Komunikasi adalah suatu proses penyampaian informasi yang dapat berupa pesan, ide, maupun gagasan dari komunikator (penyampai pesan) kepada komunikan (penerima pesan). Umumnya komunikasi dilakukan secara lisan atau tatap muka yang dapat dimengerti oleh kedua belah pihak. Sebagai zoon politicon, manusia selalu hidup berkelompok dan tak bisa hidup sendiri sehingga komunikasi diperlukan dalam kehidupan sehari-hari.
Dalam komunikasi, dibutuhkan media atau perantara yang digunakan oleh komunikator untuk menyampaikan pesan.
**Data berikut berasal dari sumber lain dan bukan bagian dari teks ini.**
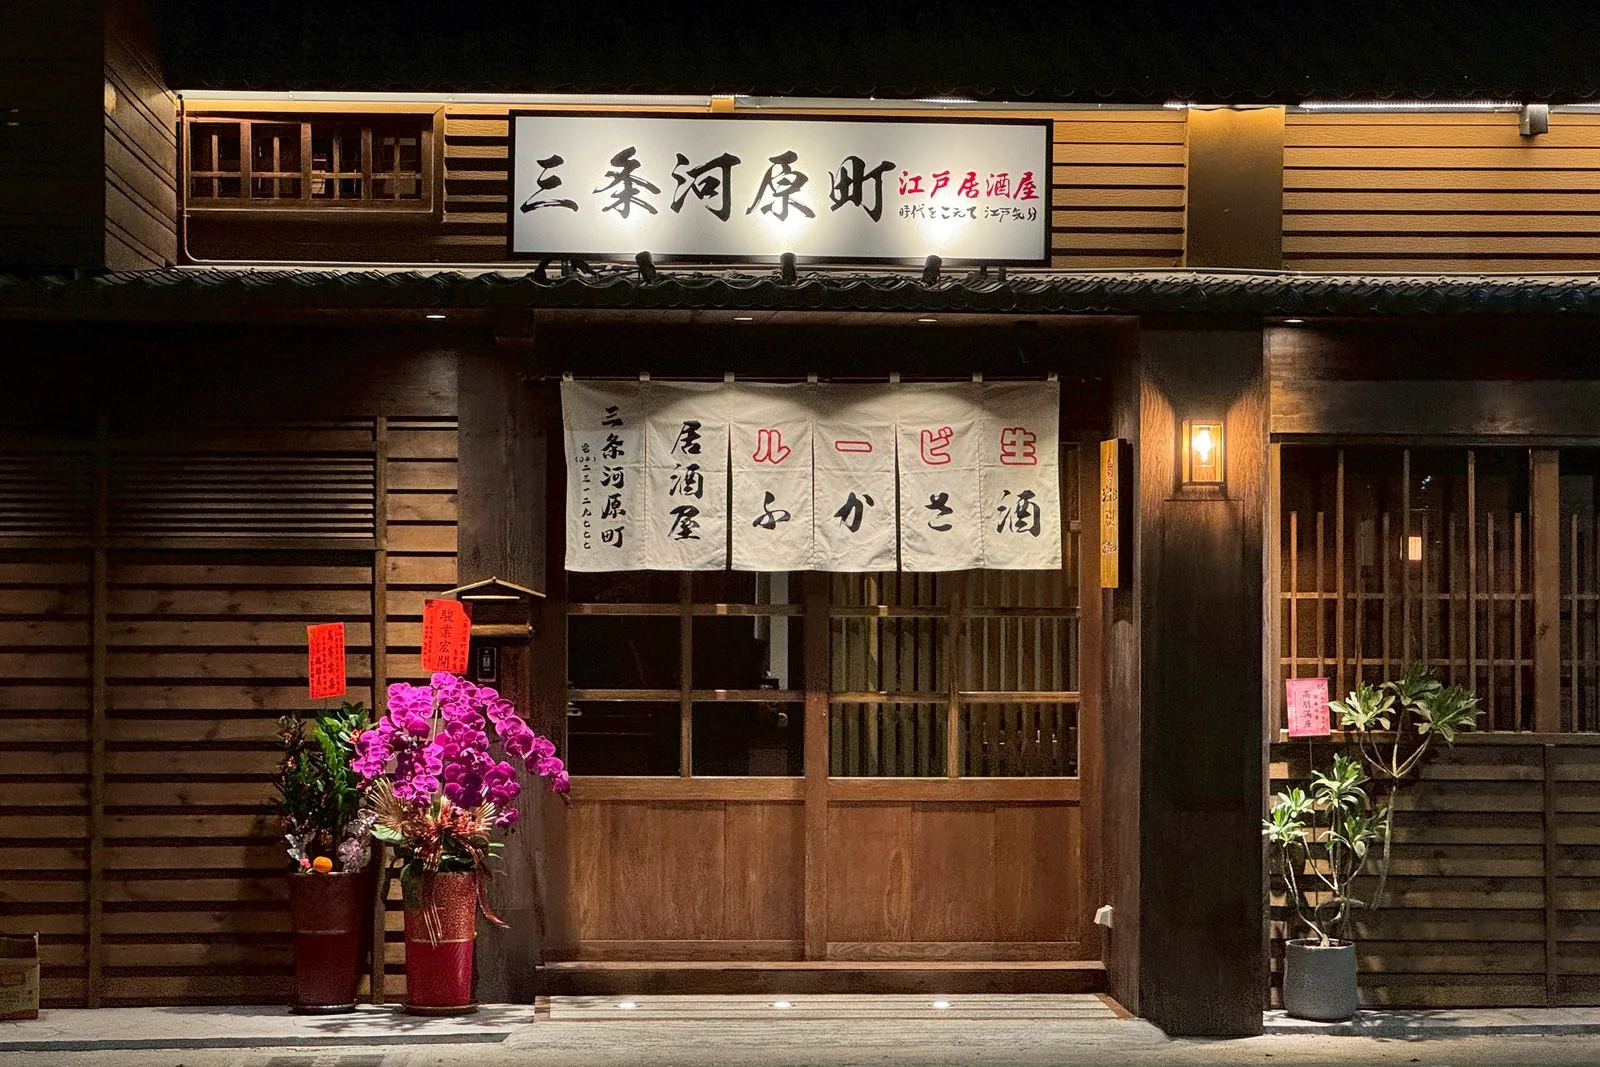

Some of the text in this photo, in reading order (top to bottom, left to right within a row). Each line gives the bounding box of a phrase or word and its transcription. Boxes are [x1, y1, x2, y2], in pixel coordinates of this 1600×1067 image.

[519, 145, 897, 223] 三条河原町
[600, 405, 627, 549] 三条河原町
[667, 420, 704, 541] 居酒屋
[437, 608, 455, 670] 駿業宏開
Salah satu media yang sering digunakan adalah gawai. Didalam gawai yang mempunyai internet, kita dapat mengunduh berbagai aplikasi untuk berkomunikasi seperti Line, Facebook dan Whatsapp.
Sosial media tersebut menyediakan fitur untuk berkirim pesan (chatting) dan juga terdapat fitur seperti free call dan video call. Dengan adanya teknologi canggih seperti ini, bisa mendekatkan yang jauh dapat dengan mudah berikirim kabar dengan keluarga atau kerabat jauh.
Menurut survei yang dilakukan oleh Pew Research Center, Pertumbuhan pengguna gawai khususnya telepon pintar di Indonesia lumayan tinggi. Untuk pemakai muda (18-34 tahun) kepemilikan telepon pintar atau gawai meningkat dari 39 persen menjadi 66 persen dari 2015-2018. Sedangkan untuk pengguna yang berusia di atas 50 tahun, juga naik dari dua persen pada 2015 menjadi 13 persen pada 2018.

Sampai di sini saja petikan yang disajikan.